Friday January16,2009 [13:54PM] me: jc superstar is a very very special thing to me 
Friday January16,2009 [13:54PM] me: i can't explain it in 'light' terms 
Friday January16,2009 [13:54PM] me: lots of the songs in there mean a great deal to me
Friday January16,2009 [13:55PM] me: i consider it something totally romantic, like a date at the majestic... it's romance and love and light and just totally something that i consider really really special 
Friday January16,2009 [13:55PM] me: not something i would do 'lightly'

Friday January16,2009 [14:01PM] Hubby: I was not aware that you needed a label on it, i thought that it was something we could do together with our friends

Friday January16,2009 [14:01PM] me: you said "you think i don't consider it a romantic date' 
Friday January16,2009 [14:01PM] Hubby: i made an assumtion, sorry for that
Friday January16,2009 [14:02PM] me: that's what i was asking. do you consider it a romantic date or just some light thing out with friends? 

(notice he would NEVER answer me on that one...)

Friday January16,2009 [14:20PM] Hubby: what is the reason that you have decided not to go?

Friday January16,2009 [14:50PM] me: because of all that's happened to me this week, i really need you to show me i was without a doubt wanted and needed and loved and desired.

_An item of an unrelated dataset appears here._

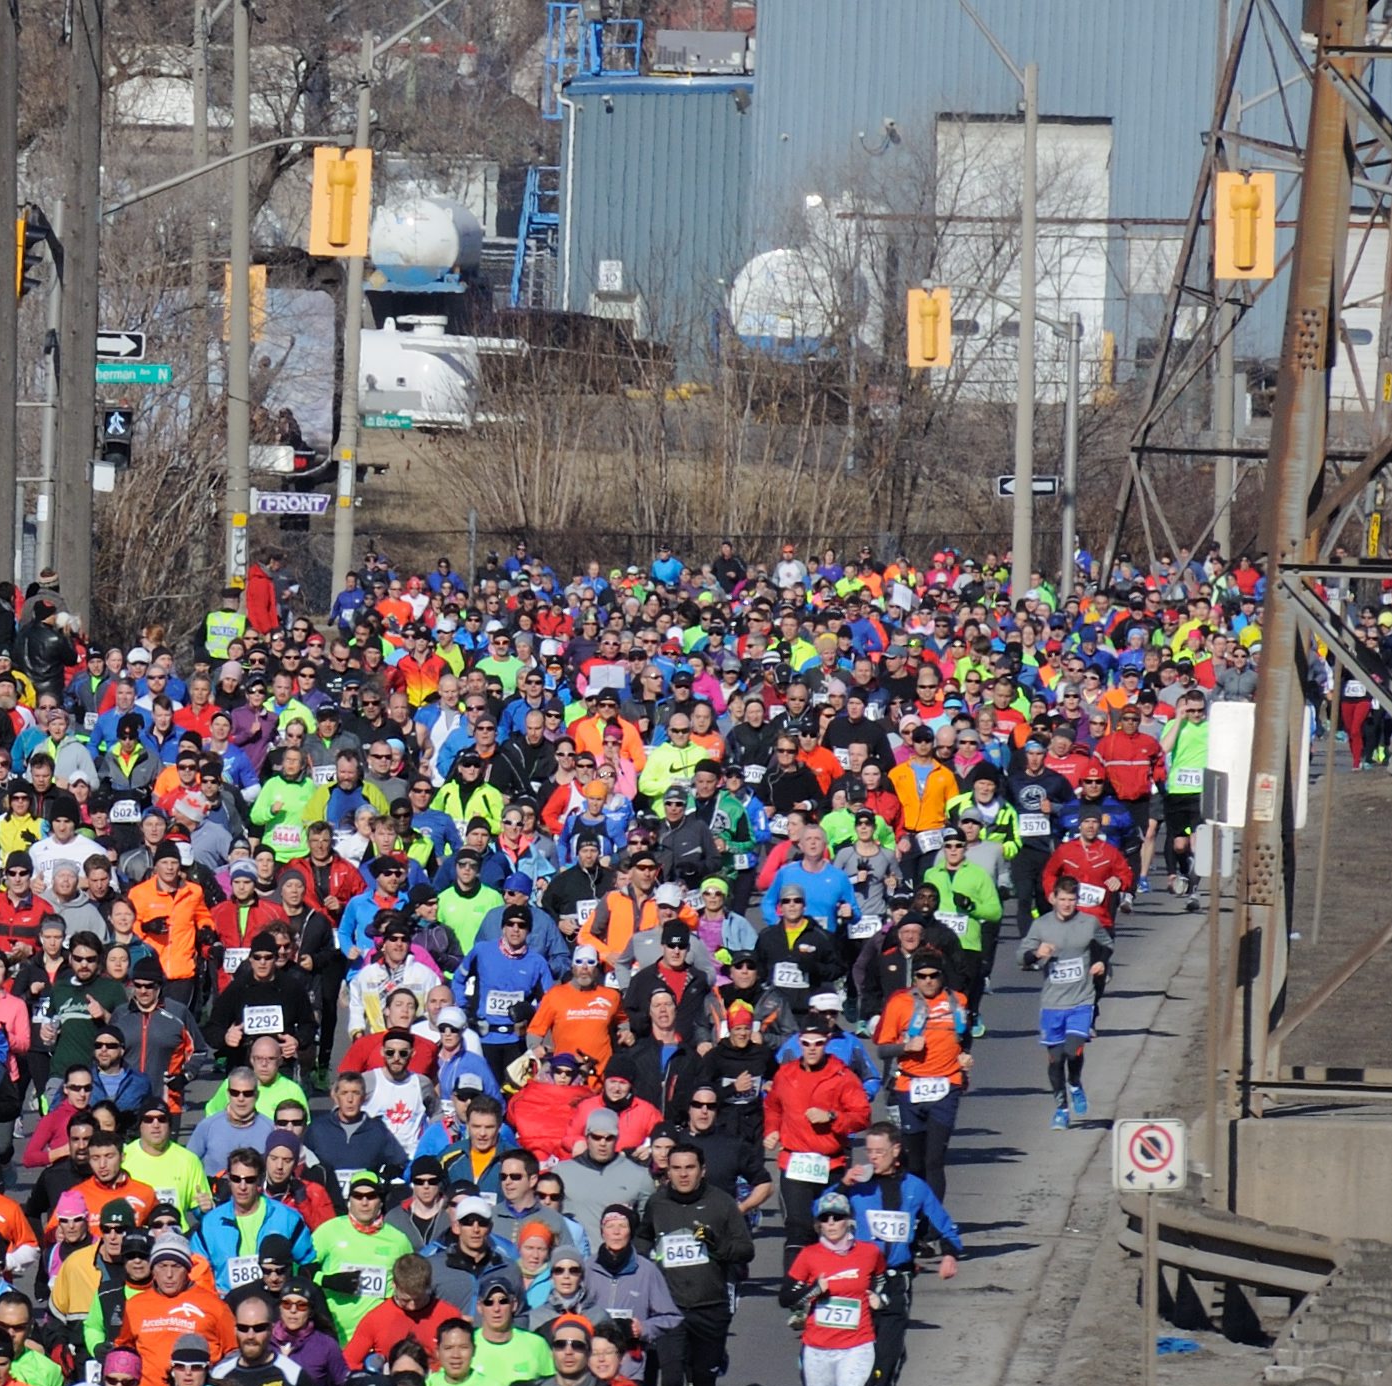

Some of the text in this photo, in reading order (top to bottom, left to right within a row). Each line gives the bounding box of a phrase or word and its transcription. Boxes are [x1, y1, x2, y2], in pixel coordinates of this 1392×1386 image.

That you would tell me reasons why so I would know that you meant it. That you would somehow convey that you needed me to go with you. 

Friday January16,2009 [14:50PM] me: i need you to take me in your arms and tell me these things and show me these things. 

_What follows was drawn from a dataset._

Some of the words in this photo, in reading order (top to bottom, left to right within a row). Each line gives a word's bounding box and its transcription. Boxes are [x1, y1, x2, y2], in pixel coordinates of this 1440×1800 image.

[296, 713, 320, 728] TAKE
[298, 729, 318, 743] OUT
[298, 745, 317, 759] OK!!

and if you were feeling that you didn't want that closeness with me, that you couldn't or didn't want to do that, that you would simply tell me (which i feel your actions have done to this point) so that I wouldn't put my heart out on my sleeve once again and look stupid and silly. that's all. 

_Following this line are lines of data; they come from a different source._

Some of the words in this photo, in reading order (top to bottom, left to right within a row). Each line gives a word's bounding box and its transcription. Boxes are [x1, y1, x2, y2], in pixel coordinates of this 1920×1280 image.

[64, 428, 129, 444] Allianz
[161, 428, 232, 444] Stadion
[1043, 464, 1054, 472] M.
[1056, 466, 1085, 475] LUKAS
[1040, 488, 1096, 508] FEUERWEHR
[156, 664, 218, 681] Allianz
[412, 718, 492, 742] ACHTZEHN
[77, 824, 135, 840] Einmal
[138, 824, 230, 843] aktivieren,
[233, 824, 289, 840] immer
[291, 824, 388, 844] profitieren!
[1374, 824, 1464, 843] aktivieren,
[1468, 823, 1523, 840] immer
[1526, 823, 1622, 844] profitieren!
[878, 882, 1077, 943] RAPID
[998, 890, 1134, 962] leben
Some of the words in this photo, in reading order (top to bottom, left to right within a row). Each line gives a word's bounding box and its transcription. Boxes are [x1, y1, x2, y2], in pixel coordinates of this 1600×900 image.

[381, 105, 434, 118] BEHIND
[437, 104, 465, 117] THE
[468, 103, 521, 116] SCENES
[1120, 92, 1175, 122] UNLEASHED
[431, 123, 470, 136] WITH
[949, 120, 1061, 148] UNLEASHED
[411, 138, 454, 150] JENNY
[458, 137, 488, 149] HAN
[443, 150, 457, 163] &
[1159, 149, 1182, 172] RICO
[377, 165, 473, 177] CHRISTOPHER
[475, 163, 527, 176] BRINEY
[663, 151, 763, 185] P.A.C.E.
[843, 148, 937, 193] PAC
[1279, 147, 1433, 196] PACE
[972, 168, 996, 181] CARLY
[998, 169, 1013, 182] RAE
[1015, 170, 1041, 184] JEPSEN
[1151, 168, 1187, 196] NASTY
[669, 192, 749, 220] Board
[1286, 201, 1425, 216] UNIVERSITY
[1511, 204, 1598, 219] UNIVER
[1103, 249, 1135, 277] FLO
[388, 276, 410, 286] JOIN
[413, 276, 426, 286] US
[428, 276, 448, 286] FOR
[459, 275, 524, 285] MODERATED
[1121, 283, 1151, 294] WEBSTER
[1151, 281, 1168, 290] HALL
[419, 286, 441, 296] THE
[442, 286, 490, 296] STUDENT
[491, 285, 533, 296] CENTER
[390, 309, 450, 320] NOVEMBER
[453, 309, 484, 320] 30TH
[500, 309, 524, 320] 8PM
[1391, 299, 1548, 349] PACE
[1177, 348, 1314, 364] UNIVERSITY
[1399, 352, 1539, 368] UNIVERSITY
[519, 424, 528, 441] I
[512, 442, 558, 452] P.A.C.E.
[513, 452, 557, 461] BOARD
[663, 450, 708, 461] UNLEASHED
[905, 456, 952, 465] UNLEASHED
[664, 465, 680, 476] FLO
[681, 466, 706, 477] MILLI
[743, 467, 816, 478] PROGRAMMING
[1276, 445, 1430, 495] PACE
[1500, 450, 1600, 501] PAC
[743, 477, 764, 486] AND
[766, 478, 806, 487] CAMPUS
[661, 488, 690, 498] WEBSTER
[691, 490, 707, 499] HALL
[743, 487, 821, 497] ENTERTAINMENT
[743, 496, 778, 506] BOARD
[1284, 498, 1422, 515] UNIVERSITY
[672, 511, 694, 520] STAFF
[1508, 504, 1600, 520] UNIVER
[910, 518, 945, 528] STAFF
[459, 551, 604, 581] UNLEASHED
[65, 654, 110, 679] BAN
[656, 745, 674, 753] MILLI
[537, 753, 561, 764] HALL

Friday January16,2009 [14:52PM] Hubby: so........................you are not going because i did not live up to your expectations of what you thought I should do?

Friday January16,2009 [14:53PM] me:so if you didn't want that, i could stay home and watch movies with k and forget about romance and stuff like that. 

Friday January16,2009 [14:57PM] Hubby: again , expectations that i have fallen short of fullfilling

Friday January16,2009 [14:57PM] me: just one you are choosing right not not to fulfill I guess. 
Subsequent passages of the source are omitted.